## Exercise brief
Copy the listing exactly as given. Omit every picture.
-- Opening Marker --
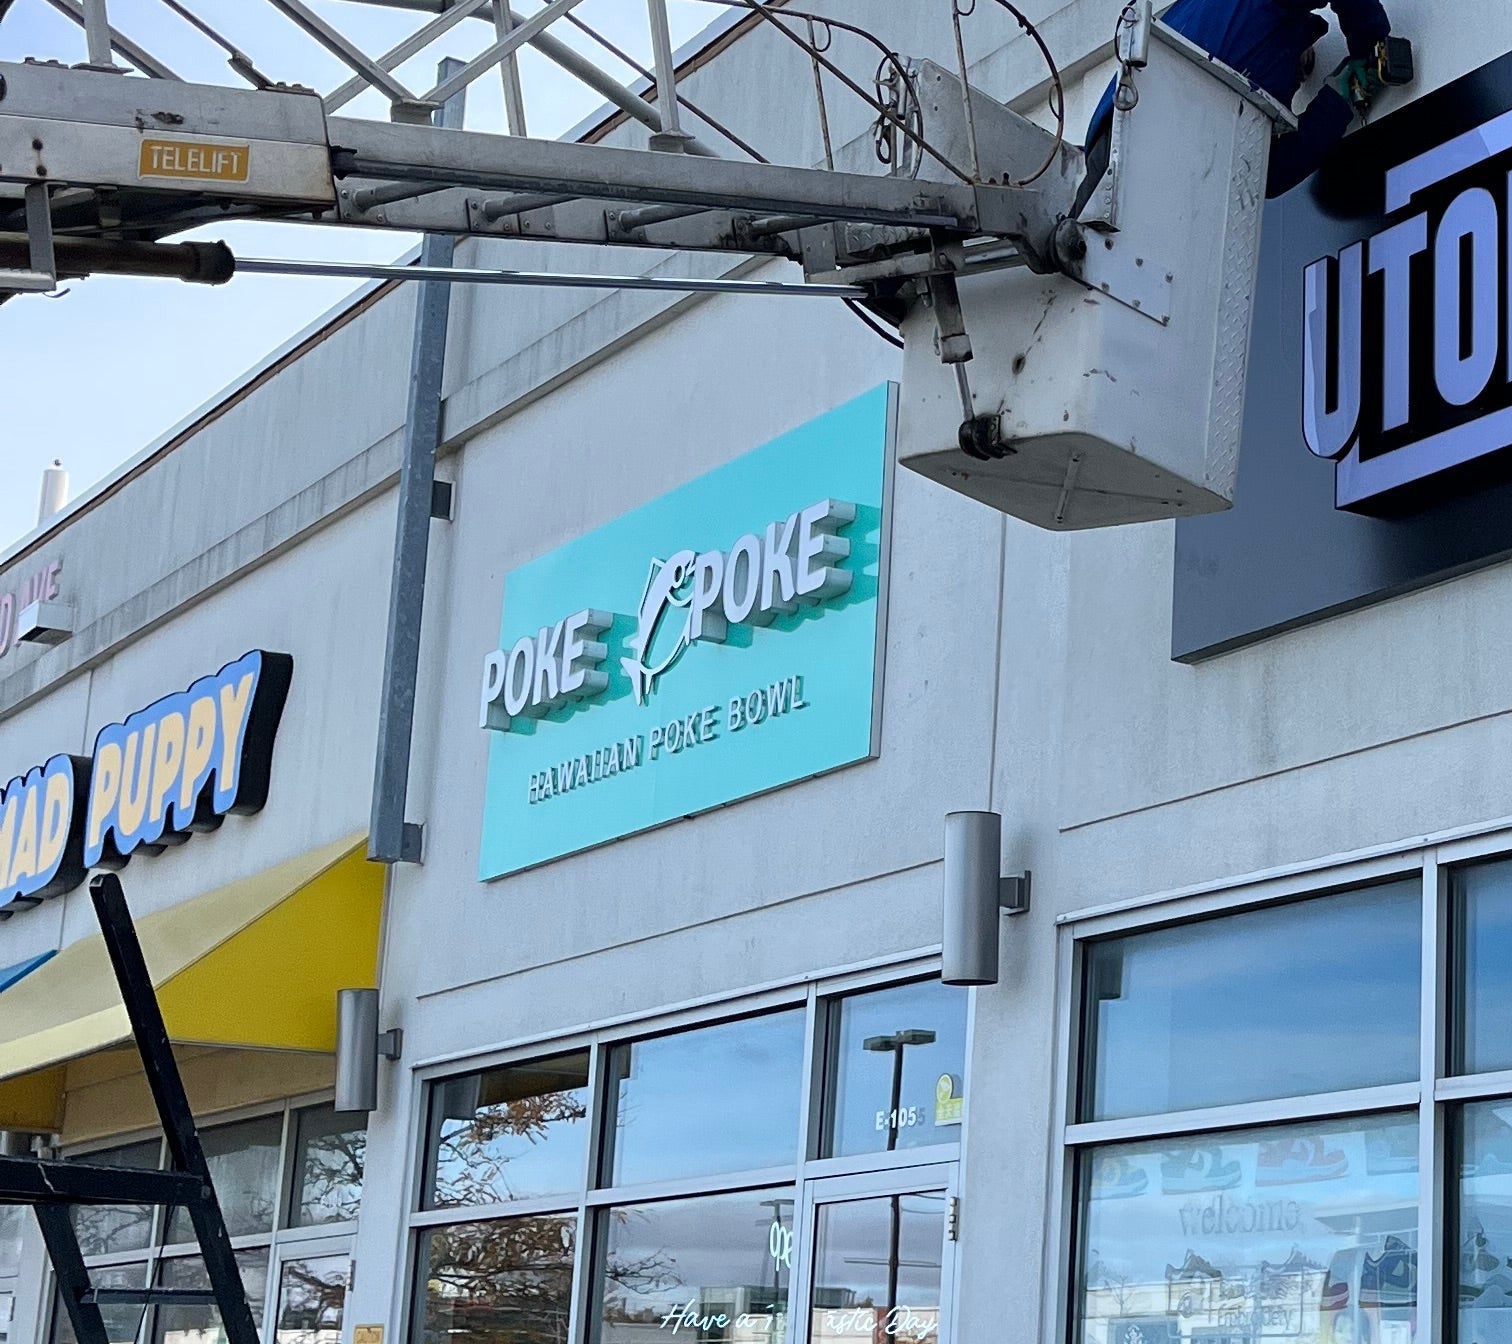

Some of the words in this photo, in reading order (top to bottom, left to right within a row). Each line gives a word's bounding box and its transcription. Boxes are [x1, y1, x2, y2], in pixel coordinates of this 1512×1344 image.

[150, 145, 241, 175] TELELIFT
[480, 607, 606, 729] POKE
[690, 498, 850, 642] POKE
[88, 671, 255, 849] PUPPY
[528, 735, 643, 805] HAWAIIAN
[650, 706, 720, 761] POKE
[728, 675, 807, 731] BOWL
[875, 1106, 917, 1131] E-105
[660, 1299, 731, 1335] Have
[885, 1305, 938, 1339] Day
-- Closing Marker --
## Answer to this exercise
Some of the words in this photo, in reading order (top to bottom, left to right within a row). Each line gives a word's bounding box and its transcription. Boxes are [x1, y1, x2, y2], in pixel coordinates of this 1512×1344 image.

[150, 145, 241, 175] TELELIFT
[480, 607, 606, 729] POKE
[690, 498, 850, 642] POKE
[88, 671, 255, 849] PUPPY
[528, 735, 643, 805] HAWAIIAN
[650, 706, 720, 761] POKE
[728, 675, 807, 731] BOWL
[875, 1106, 917, 1131] E-105
[660, 1299, 731, 1335] Have
[885, 1305, 938, 1339] Day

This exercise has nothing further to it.